"""

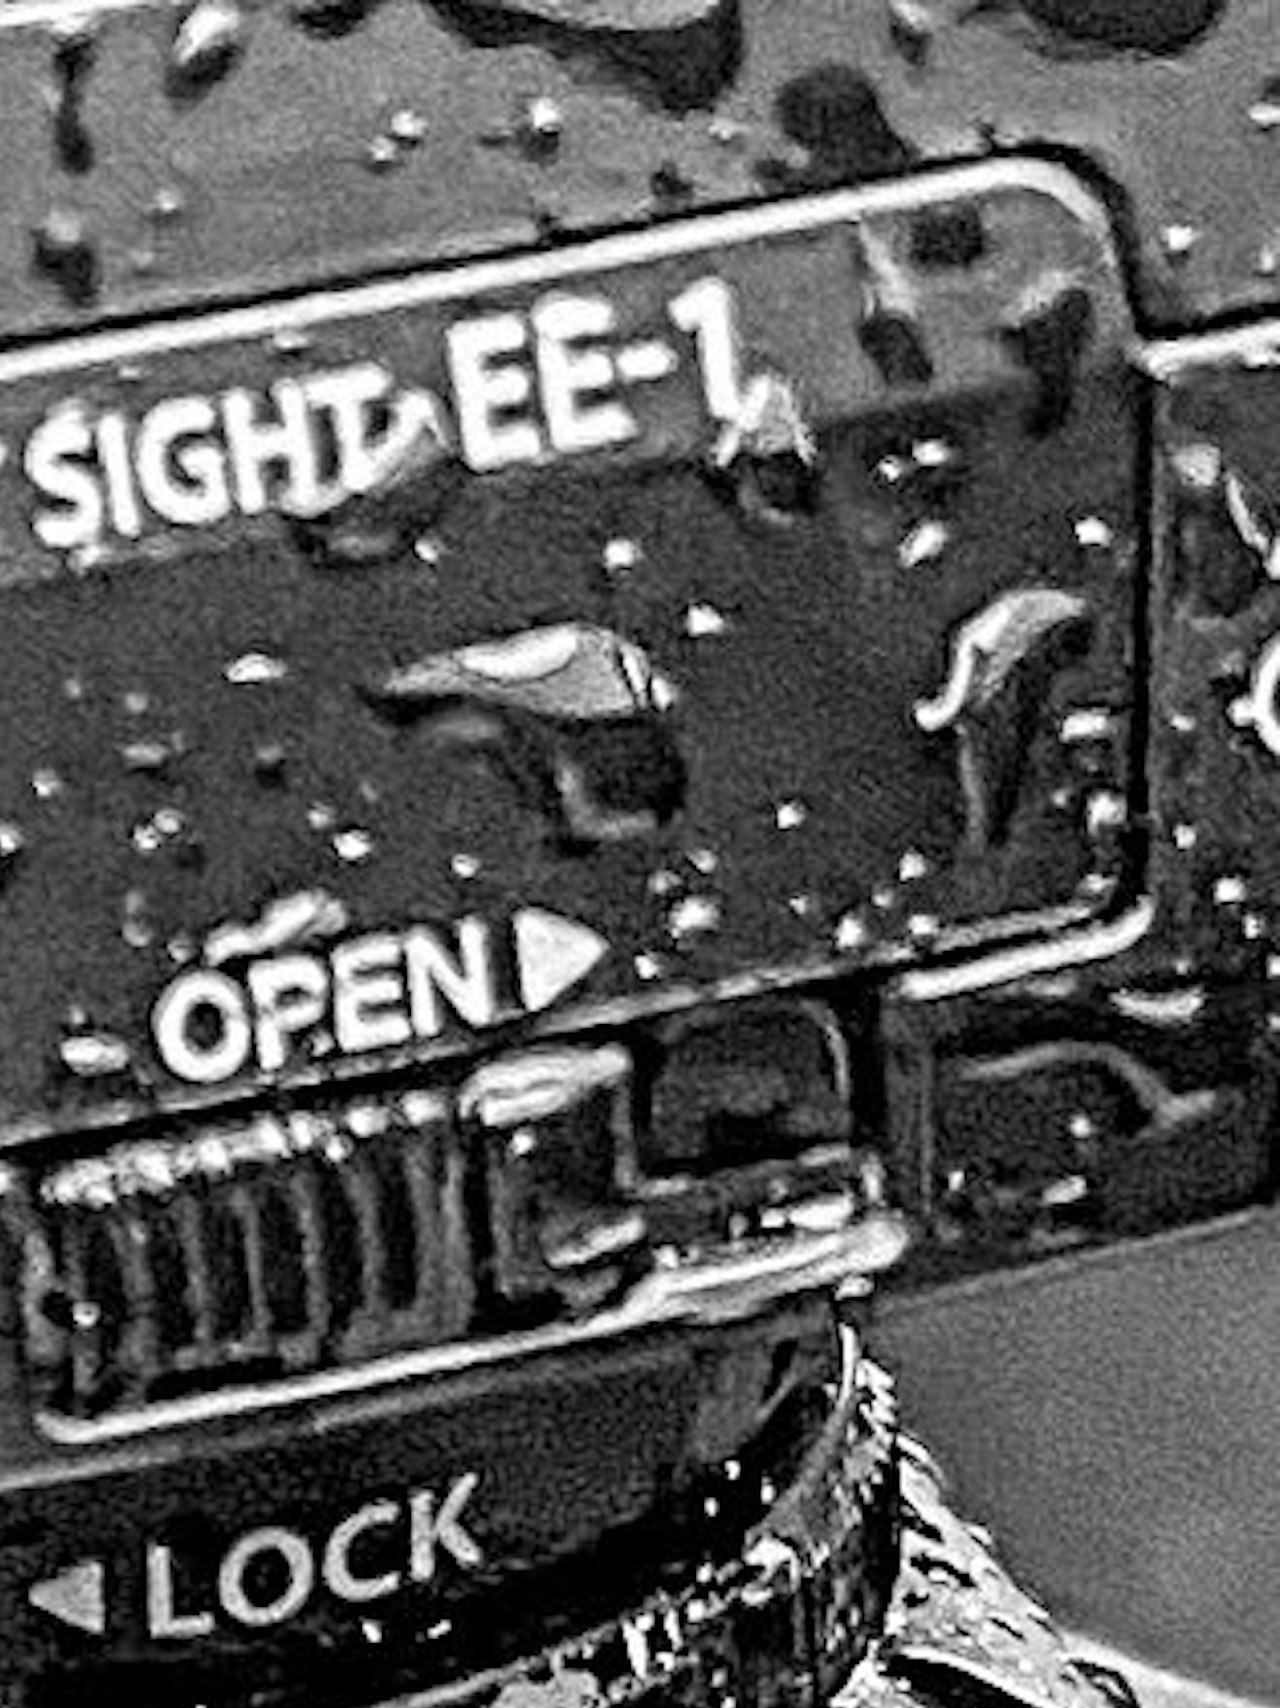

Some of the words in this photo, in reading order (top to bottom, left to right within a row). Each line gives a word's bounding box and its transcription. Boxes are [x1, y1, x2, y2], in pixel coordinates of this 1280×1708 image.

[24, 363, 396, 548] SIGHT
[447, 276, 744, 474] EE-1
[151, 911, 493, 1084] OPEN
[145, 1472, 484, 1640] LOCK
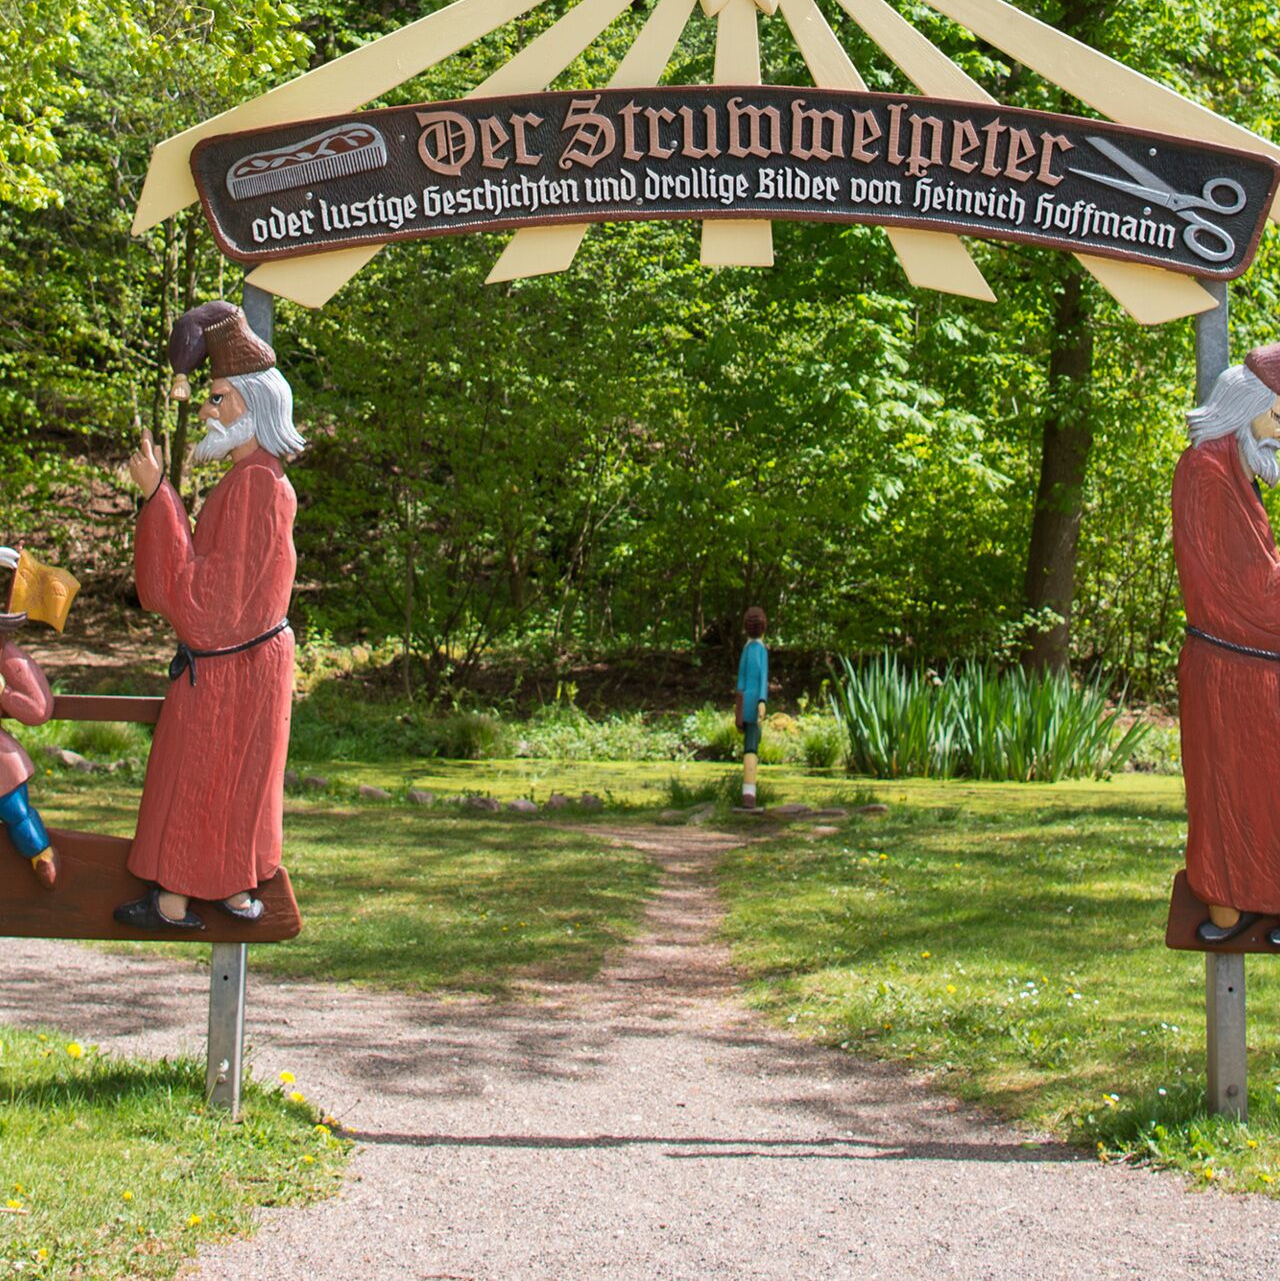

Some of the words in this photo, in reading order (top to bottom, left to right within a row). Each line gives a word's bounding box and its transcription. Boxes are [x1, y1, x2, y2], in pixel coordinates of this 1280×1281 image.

"""

__Exercise aim__:
Leave out the images and write out the listing above exactly.

__Exercise answer__:
Some of the words in this photo, in reading order (top to bottom, left to right within a row). Each line gives a word's bounding box and its transcription. Boxes are [x1, y1, x2, y2], in pixel coordinates of this 1280×1708 image.

[24, 363, 396, 548] SIGHT
[447, 276, 744, 474] EE-1
[151, 911, 493, 1084] OPEN
[145, 1472, 484, 1640] LOCK

Some of the words in this photo, in reading order (top to bottom, left to right within a row). Each line gives a word's bounding box and its transcription. Boxes are [x1, y1, x2, y2], in pixel coordinates of this 1280×1281 image.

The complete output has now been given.